In the medium term, however, the finance minister will have to put in place policies for easing India’s legacy jobs crisis. Jobs creation and incomes growth is the best antidote for constrained demand in the economy. To be able to spend more, people have to earn more.

The good news is that an uptick in the gross fixed capital formation (GFCF), a measure for investments as a proportion of gross domestic product (GDP), is visible in the estimates for the first quarter of 2022-23. Its share in GDP improving to 34.7 per cent as compared to 32.8 in the same quarter of the previous year.

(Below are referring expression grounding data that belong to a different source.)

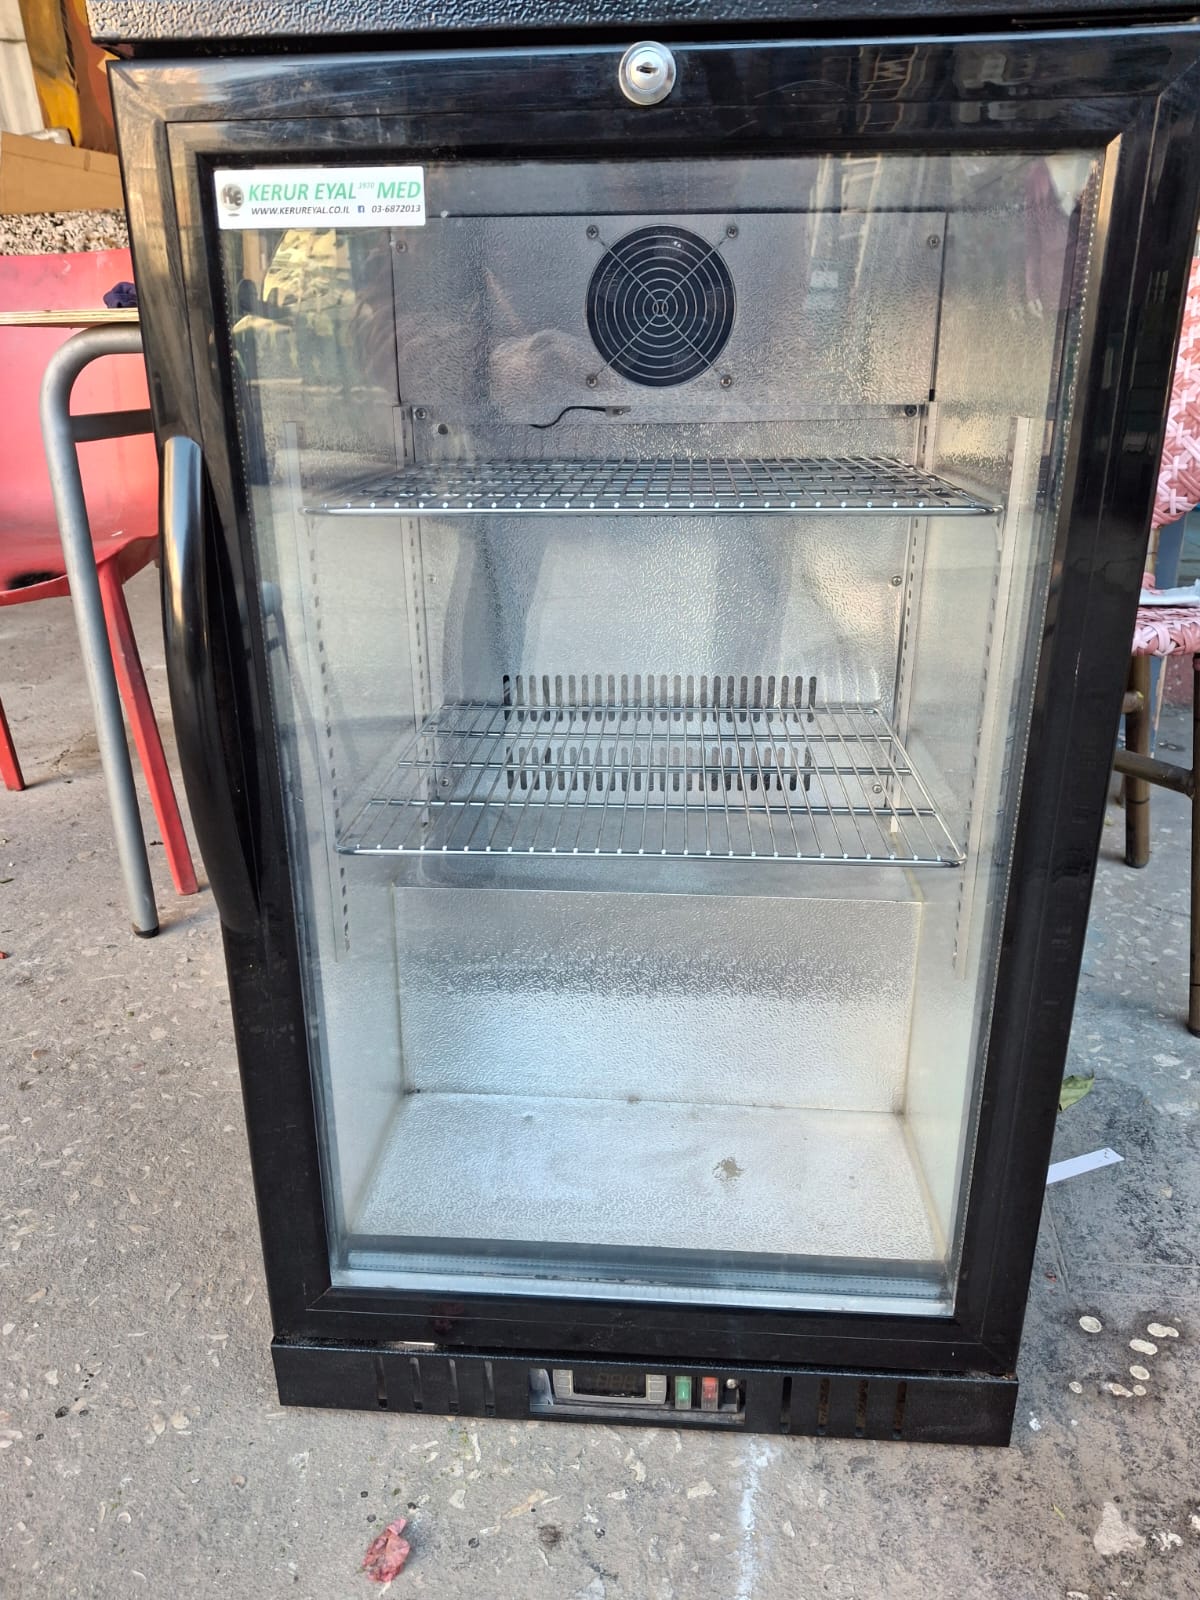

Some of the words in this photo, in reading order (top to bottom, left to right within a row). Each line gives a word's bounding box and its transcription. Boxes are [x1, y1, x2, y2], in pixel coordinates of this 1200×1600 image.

[248, 183, 309, 201] KERUR
[314, 182, 357, 200] EYAL
[377, 181, 421, 199] MED
[251, 206, 350, 215] WWW.KERUREYAL.CO.IL
[371, 204, 421, 213] 03-6872013
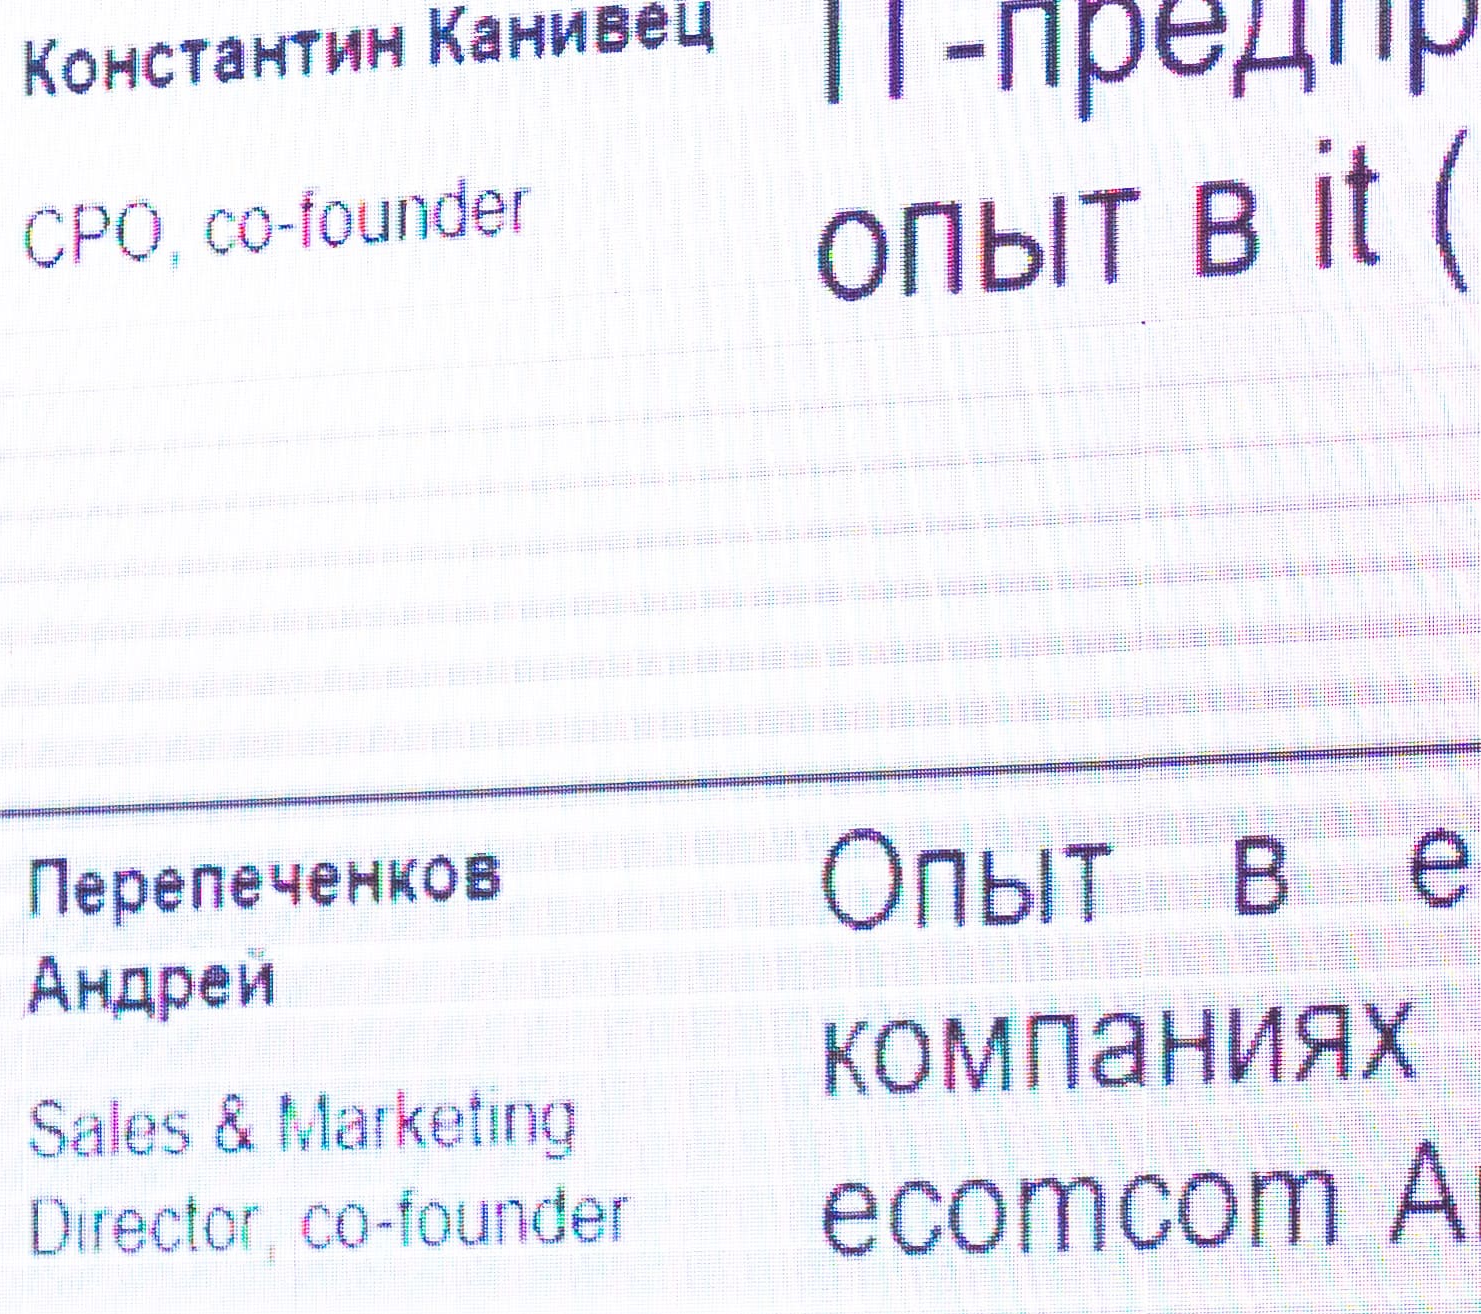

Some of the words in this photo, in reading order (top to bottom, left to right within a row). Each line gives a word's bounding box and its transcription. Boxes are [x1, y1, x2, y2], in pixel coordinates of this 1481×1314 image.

[24, 24, 405, 97] Константин
[428, 1, 716, 66] Канивец
[24, 199, 180, 269] CPO,
[205, 178, 530, 255] co-founder
[817, 186, 1141, 302] опыт
[1196, 179, 1260, 278] в
[1314, 138, 1382, 269] it
[29, 854, 503, 928] Перепеченков
[821, 828, 1113, 930] Опыт
[26, 948, 276, 1022] Андрей
[823, 1001, 1416, 1096] компаниях
[28, 1098, 192, 1159] Sales
[217, 1094, 256, 1151] &
[279, 1088, 577, 1160] Marketing
[302, 1185, 629, 1250] co-founder
[821, 1169, 1339, 1256] ecomcom
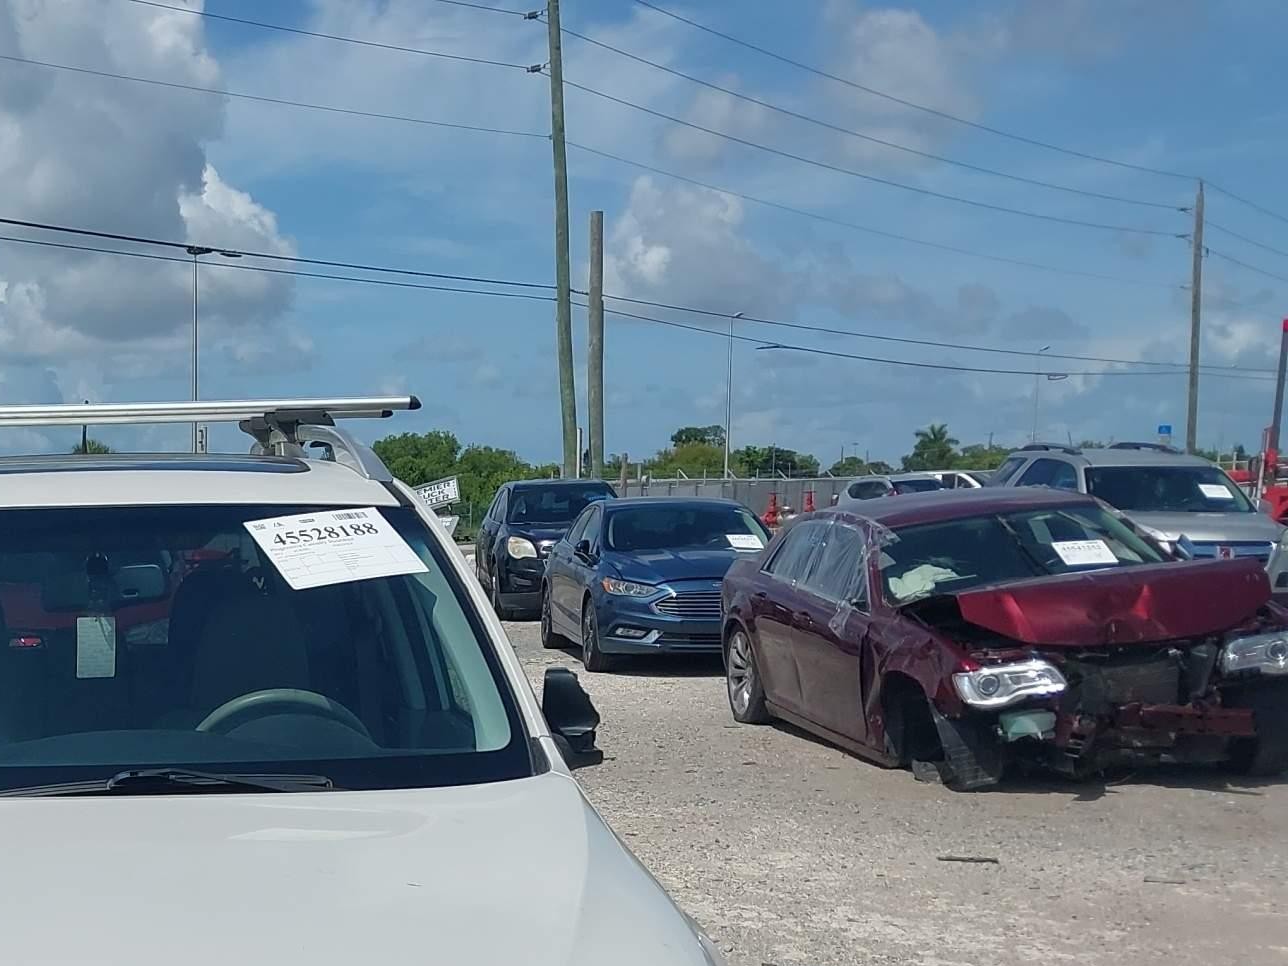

Simultaneously, private final consumption expenditure as a share of real GDP was also over 3 percentage points higher.

If firms still continue to wait and watch, it is probably because they may not yet be seeing the sort of revival in consumption spending that they need to feel confident about committing investments. Remember, it is possible that the improvement is merely statistical, rather than reflective of a change in the real economy, as the share of government expenditure in GDP dropped.

Corporate leaders and fast-moving consumer goods (FMCG) companies had been cautioning about inflation slowing down spending by consumers after rising input costs forced price hikes for long — as Mint SnapView has pointed out consistently.

This is even more important now that the heightened risk of global slowdown, and even recession, put a question mark over global demand conditions.

Second, companies will wait until there is uncertainty on the macroeconomic front. While India’s macroeconomic parameters seem better than those for most economies at the moment, things can change quickly. After the shock of the global financial crisis too, India had bounced back smartly in the 2000s, and companies had felt confident enough to omit readjusting their investment plans sufficiently. However, the recovery could not sustain. There was a reversal in global demand conditions, spike in global crude prices, and a sharp flare-up in India’s current account and fiscal deficits, as the government of the day over-stimulated the economy. All of which threw awry calculations about companies’ project costs and demand estimates. Borrowing rates shot up as the Reserve Bank of India was late to tackle high inflation. The altered conditions rendered investments and projects unviable, scarring balance sheets of companies and banks — the infamous twin-balance sheets crisis — causing economy-wide pain. Companies want to avoid similar errors of judgement and misreading of the developing situation this time.

Third, investors want to see unshakeable policy certainty. If the policy paralysis during the UPA years was an additional reason that had weakened the post-global financial crisis recovery, what investors fear now is frequent policy flip-flops and policy uncertainty. The Economic Survey 2018-19 tabled by Sitharaman in Parliament had also emphasised the need to reduce policy uncertainty.